In certain species, anatomical constraints in the upper gut are consistent with their inability to vomit (eg. Andrews et al., 2003). We have looked for functional differences which are also consistent with the presence or absence of an emetic reflex, by comparing responses to ACh, the major vagal excitatory neurotransmitter, in the isolated oesophagus and lower oesophageal sphincter of male Wistar rat (220-250g), adult male C57 BLK/6J mice (no emetic reflex) and male adult Suncusmurinus (emetic reflex).

Sections of abdominal (gastro-oesophageal junction to diaphragm) and infra-cardiac thoracic (above diaphragm) oesophagus, ~3-4 mm long, and lower oesophageal sphincter were suspended in Krebs solution (0.5 g load; 5 % CO₂ in O₂; 37°C) for isometric recording. Non-cumulative concentration-response curves were obtained for ACh (10 min cycle time). In other experiments, responses to ACh 10^-6 M were examined after 10 min incubation firstly with atropine 10^-3 M and then with atropine plus pancuronium 10^-6 M. Peak contraction amplitudes were measured during the first 30s after ACh and at 30, 60 and 90 s after application. Results are expressed as g tension/ g wet weight of tissue. Paired data were analysed using t-test; One-way ANOVA followed by Dunnett’s test was used for multiple comparisons.
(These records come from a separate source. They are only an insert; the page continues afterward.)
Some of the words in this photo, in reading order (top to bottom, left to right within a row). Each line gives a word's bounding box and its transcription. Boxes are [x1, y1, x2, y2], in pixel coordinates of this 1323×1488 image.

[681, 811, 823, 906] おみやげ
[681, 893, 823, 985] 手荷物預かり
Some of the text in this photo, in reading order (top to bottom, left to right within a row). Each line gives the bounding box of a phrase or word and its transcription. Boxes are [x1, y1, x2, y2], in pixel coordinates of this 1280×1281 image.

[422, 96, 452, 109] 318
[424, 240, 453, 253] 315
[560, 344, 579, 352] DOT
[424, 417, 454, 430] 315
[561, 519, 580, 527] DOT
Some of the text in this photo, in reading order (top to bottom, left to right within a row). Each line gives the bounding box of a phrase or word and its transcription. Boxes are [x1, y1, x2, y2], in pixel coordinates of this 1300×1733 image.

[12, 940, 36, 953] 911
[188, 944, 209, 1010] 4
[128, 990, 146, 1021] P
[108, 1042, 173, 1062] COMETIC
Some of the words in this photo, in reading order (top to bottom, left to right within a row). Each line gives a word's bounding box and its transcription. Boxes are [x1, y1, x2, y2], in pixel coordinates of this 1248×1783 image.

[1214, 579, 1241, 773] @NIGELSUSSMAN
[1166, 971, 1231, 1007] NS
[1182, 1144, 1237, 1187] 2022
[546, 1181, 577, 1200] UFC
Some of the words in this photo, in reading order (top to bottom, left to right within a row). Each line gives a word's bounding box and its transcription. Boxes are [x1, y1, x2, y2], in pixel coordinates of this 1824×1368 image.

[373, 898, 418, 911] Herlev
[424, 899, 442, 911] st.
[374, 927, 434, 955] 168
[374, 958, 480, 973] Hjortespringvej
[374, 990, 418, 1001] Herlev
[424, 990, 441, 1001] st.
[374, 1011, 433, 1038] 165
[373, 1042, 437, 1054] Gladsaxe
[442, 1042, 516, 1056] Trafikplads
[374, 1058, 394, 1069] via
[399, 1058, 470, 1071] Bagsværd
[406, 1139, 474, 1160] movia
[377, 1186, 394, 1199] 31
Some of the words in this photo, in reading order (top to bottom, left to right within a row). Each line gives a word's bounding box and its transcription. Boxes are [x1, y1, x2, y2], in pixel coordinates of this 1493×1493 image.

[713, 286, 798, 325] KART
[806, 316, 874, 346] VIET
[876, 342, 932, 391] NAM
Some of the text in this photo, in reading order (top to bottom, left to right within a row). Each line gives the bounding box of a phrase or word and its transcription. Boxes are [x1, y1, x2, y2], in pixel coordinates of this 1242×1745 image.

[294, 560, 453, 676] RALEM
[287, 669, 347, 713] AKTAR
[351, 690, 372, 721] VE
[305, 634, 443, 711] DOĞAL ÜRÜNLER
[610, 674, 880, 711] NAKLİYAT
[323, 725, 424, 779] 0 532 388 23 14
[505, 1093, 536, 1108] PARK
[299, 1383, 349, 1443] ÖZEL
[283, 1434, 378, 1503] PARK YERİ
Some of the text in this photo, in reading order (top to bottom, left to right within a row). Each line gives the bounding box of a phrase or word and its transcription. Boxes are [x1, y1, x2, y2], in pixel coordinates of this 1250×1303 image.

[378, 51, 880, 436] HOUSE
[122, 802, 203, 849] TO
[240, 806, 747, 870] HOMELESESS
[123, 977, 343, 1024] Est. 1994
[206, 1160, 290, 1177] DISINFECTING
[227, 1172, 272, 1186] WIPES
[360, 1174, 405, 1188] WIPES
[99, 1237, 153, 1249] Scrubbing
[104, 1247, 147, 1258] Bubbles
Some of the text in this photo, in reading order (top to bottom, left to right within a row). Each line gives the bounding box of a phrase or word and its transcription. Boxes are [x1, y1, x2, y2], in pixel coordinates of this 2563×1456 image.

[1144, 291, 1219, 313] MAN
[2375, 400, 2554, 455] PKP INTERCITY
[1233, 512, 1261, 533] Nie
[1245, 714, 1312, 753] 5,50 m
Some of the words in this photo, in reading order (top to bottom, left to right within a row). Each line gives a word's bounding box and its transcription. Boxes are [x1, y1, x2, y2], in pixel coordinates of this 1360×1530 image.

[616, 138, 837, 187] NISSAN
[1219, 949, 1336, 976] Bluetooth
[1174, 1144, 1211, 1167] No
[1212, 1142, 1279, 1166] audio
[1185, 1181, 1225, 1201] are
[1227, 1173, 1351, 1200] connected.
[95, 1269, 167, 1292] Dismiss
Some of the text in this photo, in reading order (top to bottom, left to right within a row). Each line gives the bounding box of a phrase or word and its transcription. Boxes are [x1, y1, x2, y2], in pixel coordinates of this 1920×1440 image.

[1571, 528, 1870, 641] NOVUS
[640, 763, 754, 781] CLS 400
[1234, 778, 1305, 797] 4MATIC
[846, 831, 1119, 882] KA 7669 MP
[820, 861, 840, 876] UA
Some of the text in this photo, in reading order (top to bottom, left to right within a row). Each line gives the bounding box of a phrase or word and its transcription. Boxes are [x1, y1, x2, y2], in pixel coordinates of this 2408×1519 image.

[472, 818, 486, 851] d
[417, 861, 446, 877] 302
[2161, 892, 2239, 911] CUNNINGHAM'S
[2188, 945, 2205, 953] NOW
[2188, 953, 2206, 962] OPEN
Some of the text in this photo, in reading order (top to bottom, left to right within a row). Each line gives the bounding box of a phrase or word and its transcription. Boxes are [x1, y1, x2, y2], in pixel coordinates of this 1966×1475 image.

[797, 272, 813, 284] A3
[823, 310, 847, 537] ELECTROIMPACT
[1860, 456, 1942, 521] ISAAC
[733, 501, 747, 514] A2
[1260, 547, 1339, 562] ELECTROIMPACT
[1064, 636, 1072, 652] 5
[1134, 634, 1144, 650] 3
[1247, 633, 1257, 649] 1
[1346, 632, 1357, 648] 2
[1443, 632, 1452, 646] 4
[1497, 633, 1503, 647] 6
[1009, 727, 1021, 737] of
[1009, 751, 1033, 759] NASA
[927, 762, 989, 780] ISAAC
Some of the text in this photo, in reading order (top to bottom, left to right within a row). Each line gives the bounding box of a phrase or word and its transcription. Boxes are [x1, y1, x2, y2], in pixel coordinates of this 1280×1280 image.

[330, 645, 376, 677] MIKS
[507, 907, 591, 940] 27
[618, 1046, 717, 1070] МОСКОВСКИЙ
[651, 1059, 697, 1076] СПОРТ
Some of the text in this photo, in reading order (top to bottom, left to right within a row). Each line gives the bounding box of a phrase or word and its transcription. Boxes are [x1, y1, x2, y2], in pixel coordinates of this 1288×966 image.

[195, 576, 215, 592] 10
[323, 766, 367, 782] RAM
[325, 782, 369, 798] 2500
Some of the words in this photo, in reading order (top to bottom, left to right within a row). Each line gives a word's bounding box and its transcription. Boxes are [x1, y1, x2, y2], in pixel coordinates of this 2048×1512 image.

In all species and regions, ACh 10^-6-10^-2M evoked concentration-dependent contractions. Compared to rat and mouse, the thoracic oesophagus of Suncus generated a significantly greater rise in muscle tension in response to ACh (eg. respectively, 177.5 ± 6.6, 43.4 ± 7.16 and 40.1 ± 12.3 g /g wet weight during the first 30 s after ACh 10^-2 M). In abdominal and thoracic oesophageal preparations of rat and mouse, ACh rapidly evoked contractions which partially and rapidly faded to sustained smaller contractions; in Suncus, the evoked contractions were monophasic and maintained. The latter were substantially reduced by atropine (eg. by 91 and 88 % respectively during the first 30 s in abdominal and thoracic oesophagus) whereas in the rat and mouse, the first component of the response to ACh (10^-3 M) was unaffected by atropine but significantly reduced by atropine plus pancuronium (eg. 71 and 65 % reduction for rat, 50 and 60 % for mouse abdominal and thoracic oesophagus, respectively). In the rodent species, the second, more sustained phase of the contractions to ACh were greatly reduced (rat; eg. by 58 and 78 % at 30 s for abdominal and thoracic oesophagus) or abolished (mouse) by atropine alone. In the lower oesophageal sphincter of all species, the contractions to ACh (10^-3 M) were greatly reduced or abolished by atropine; pancuronium had no additional effects.

ACh-induced contractions of the oesophagus of Suncus may be mediated predominantly by smooth muscle muscarinic receptors, whereas both striated and smooth muscles contribute to biphasic contractions in rat and mouse, involving nicotinic and muscarinic receptors. The ability of the thoracic oesophagus of Suncus to generate greater tension in response to ACh suggests that substantial shortening of the oesophagus plays an important role in reducing the length of the abdominal oesophagus during vomiting, and that the necessity for this function is reduced in non-emetic animals. Our data provides evidence for functional differences in the oesophagus between emetic and non-emetic species.